Center: Center for Integrating Statistical and Environmental Science
Center Director: Stein, Michael
Title: Statistical Approaches to Detection and Downscaling of Climate Variability and Change
Investigators: Wuebbles, Donald J. , Hayhoe, Katharine , Stein, Michael , Tiao, George
Current Investigators: Wuebbles, Donald J. , Cai, Airong , Hayhoe, Katharine , Hertel, Anne , Stein, Michael , Tiao, George , Vrac, Mathieu
Institution: University of Illinois at Urbana , University of Chicago
Current Institution: Texas Tech University , University of Chicago , University of Illinois at Urbana-Champaign
EPA Project Officer: Smith, Bernice
Project Period: March 12, 2002 through March 11, 2007
Project Period Covered by this Report: March 12, 2003 through March 11, 2004
RFA: Environmental Statistics (2001)
Research Category: Ecological Indicators/Assessment/Restoration , Environmental Statistics
Description:
Objective:Climate change is a global problem whose impacts will be seen and felt most strongly at the regional and local level. To understand the regional impacts of climate change, we must develop an understanding of how global climate change has already and is likely to continue to interact with the current environment and local conditions—hence the dual focus of this project on assessing the degree to which climate change has already affected the Midwest as well as exploring novel and innovative statistical applications to downscaling future global-scale projections of climate change to the regional scale.
Progress Summary:Statistical Approaches to Data Assimilation and Downscaling
At the global scale, the Intergovernmental Panel on Climate Change has concluded that the world is warming, and that “the balance of evidence suggests a discernable human influence on global climate.” However, it is not clear whether the same statement can be also be made for climate at the regional level and in the Midwest in particular. Comparisons among historical observed climate records; an ensemble of historical simulated model runs, including natural variability and greenhouse forcing; and future projections of change corresponding to a range of plausible socio-economic scenarios are being used to identify correlations between historical and model data. This allows for an assessment of the degree to which the climate signal is currently detectable in the Midwest region and evaluate the potential for large-scale climate simulations to improve on short-term climate forecasts on the scale of years to decades. Multiple time series modeling, trend analysis, and prediction are exceedingly complex as the number of variables increases, requiring interplay between scientific considerations of the problem in terms of the choice of variables and dynamic relations of included variables and statistical analyses using existing and newly developed methods.

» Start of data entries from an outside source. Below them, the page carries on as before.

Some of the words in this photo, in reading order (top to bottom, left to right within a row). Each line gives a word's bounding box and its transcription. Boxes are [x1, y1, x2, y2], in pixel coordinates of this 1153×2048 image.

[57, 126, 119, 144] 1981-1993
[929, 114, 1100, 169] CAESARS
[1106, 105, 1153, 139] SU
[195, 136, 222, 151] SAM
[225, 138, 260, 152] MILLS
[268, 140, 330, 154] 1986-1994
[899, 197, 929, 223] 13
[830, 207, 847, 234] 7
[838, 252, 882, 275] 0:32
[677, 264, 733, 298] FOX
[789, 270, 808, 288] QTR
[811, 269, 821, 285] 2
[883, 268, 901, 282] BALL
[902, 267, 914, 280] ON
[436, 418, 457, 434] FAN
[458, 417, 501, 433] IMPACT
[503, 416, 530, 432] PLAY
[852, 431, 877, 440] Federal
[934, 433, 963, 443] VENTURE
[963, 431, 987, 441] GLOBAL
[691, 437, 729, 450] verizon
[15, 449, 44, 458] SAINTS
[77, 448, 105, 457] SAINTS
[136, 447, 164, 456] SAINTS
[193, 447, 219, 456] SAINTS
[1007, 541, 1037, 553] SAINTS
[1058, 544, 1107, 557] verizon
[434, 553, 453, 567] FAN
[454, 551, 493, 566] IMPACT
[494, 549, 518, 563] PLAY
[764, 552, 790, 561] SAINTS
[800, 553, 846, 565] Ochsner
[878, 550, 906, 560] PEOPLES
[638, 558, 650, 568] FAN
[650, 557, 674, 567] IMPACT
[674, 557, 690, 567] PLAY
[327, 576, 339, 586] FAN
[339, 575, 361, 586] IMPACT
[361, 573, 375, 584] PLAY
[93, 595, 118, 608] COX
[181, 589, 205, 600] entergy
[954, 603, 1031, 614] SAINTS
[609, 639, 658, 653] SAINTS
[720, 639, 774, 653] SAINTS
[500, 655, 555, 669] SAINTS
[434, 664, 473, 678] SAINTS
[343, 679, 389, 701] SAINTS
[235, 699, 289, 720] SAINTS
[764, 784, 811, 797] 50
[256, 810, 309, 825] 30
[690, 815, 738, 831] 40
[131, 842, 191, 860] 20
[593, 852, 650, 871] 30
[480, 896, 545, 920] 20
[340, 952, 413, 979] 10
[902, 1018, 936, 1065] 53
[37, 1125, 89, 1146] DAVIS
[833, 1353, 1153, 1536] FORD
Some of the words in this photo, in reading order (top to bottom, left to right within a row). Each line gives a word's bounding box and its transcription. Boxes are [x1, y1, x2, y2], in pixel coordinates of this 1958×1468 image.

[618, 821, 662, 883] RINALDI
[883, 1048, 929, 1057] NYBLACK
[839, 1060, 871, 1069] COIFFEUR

Clustering Methods for Downscaling Climate Change
The second part of this project has been revised to focus specifically on clustering methods for downscaling global-scale climate projections. Temperature and large-scale precipitation over the United States are generally driven by atmospheric circulation patterns. Consistency between observed and model-simulated large-scale circulation suggests that a statistical weather typing approach to classify projected changes in these patterns may provide useful information regarding projected changes in surface temperature and rainfall patterns. A statistical mixture model is being applied to clustering vertical atmospheric profiles into air mass types using both cumulative distribution functions as well as numerical data input and employing copula functions to model joint distributions and dependencies between variables. The goal of this project is to produce fine-scale projections of future climate simulations for the U.S. Midwest region to assess the degree to which local and regional-scale climate, circulation, and topography affect climate impacts throughout the region.
Results to Date
Statistical Approaches to Data Assimilation and Downscaling. Statistical relationships between monthly temperature records over the last 100 years for a station in Illinois (Aurora) and model simulations were evaluated based on an ensemble of historical simulations from the Parallel Climate Model (PCM). The traditional approach of using Empirical Orthogonal Functions (EOF) to determine linear combinations of gridded values that explain most of the variability in the PCM yields explanatory variables that are linked to atmospheric patterns. Coefficients were estimated over the period 1900–1990, and predictions based on these coefficients were then compared with observations over the period 1991–2000.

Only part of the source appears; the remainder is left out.